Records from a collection

______________________________

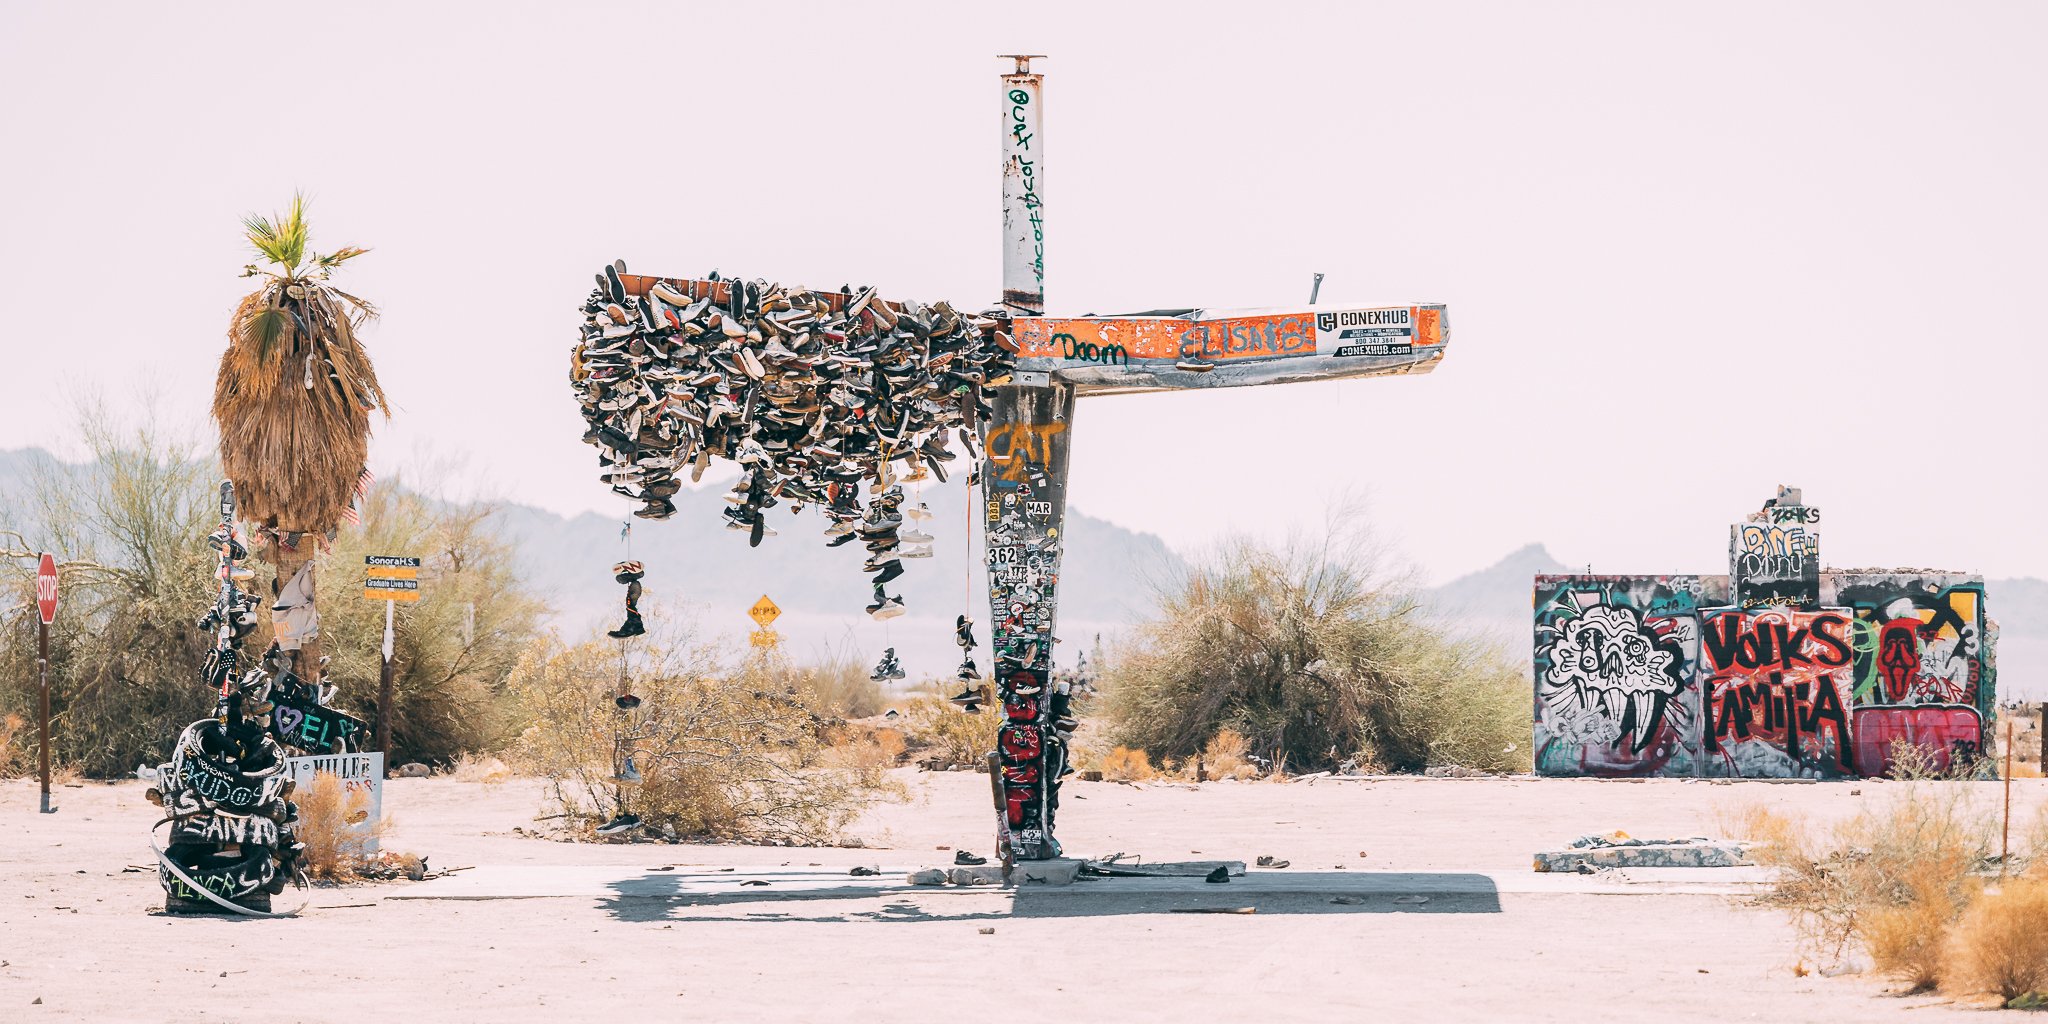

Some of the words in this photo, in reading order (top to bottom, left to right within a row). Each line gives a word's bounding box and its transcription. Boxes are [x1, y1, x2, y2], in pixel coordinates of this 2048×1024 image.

[1341, 310, 1408, 325] CONEXHUB
[1341, 345, 1411, 356] CONEXHUB.com
[985, 421, 1067, 470] CAT
[1027, 502, 1050, 514] MAR
[989, 548, 1016, 563] 362
[38, 575, 57, 601] STOP
[367, 579, 390, 588] Graduate
[390, 580, 404, 588] Lives
[404, 581, 417, 589] Here
[1960, 622, 1980, 656] 3

______________________________

• WHAT YOU WILL DO
Reproduce every line above as written, skipping pictures.

• SOLUTION TO THIS TASK
Some of the words in this photo, in reading order (top to bottom, left to right within a row). Each line gives a word's bounding box and its transcription. Boxes are [x1, y1, x2, y2], in pixel coordinates of this 2048×1024 image.

[1341, 310, 1408, 325] CONEXHUB
[1341, 345, 1411, 356] CONEXHUB.com
[985, 421, 1067, 470] CAT
[1027, 502, 1050, 514] MAR
[989, 548, 1016, 563] 362
[38, 575, 57, 601] STOP
[367, 579, 390, 588] Graduate
[390, 580, 404, 588] Lives
[404, 581, 417, 589] Here
[1960, 622, 1980, 656] 3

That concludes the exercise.